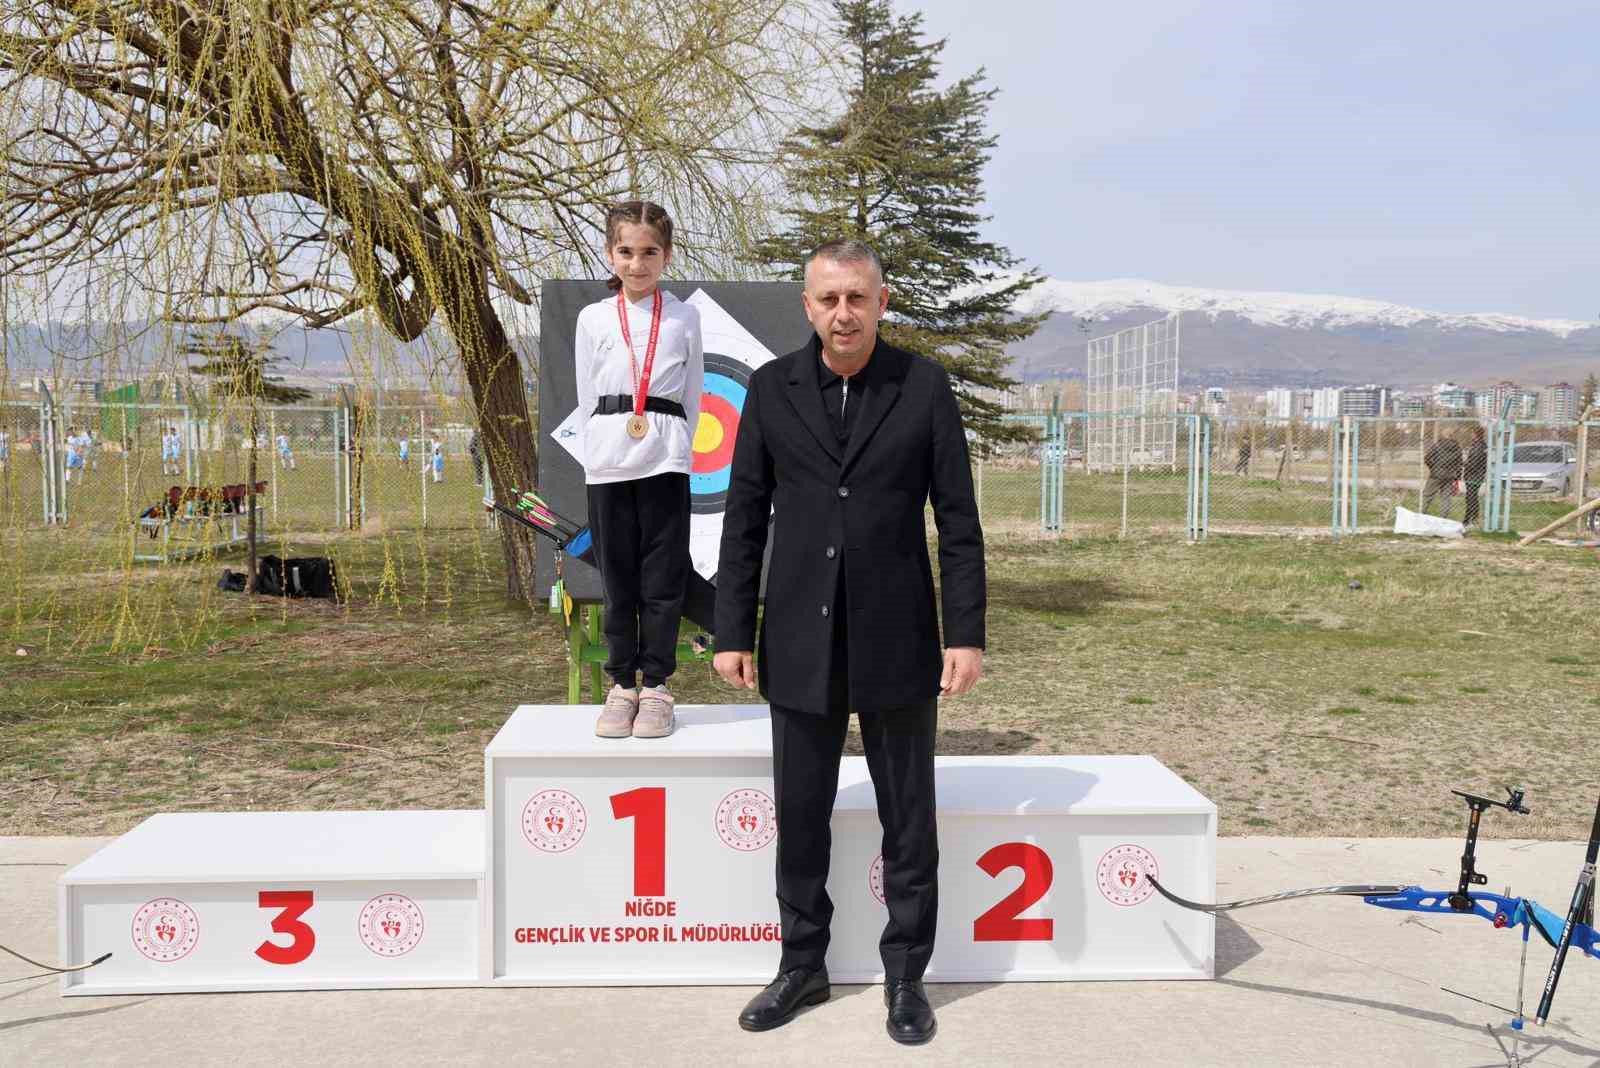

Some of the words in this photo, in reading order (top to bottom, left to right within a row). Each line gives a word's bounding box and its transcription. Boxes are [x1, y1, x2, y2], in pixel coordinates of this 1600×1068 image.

[609, 787, 666, 897] 1
[255, 891, 316, 965] 3
[624, 899, 676, 917] NİĞDE
[973, 842, 1054, 942] 2
[514, 925, 584, 945] GENÇLİK
[590, 928, 610, 943] VE
[614, 927, 658, 943] SPOR
[663, 925, 677, 943] İL

__What is being asked__: Drop every picture, then write out the remaining entries above exactly as they appear.

__Solution for this task__:
Some of the words in this photo, in reading order (top to bottom, left to right within a row). Each line gives a word's bounding box and its transcription. Boxes are [x1, y1, x2, y2], in pixel coordinates of this 1600×1068 image.

[609, 787, 666, 897] 1
[255, 891, 316, 965] 3
[624, 899, 676, 917] NİĞDE
[973, 842, 1054, 942] 2
[514, 925, 584, 945] GENÇLİK
[590, 928, 610, 943] VE
[614, 927, 658, 943] SPOR
[663, 925, 677, 943] İL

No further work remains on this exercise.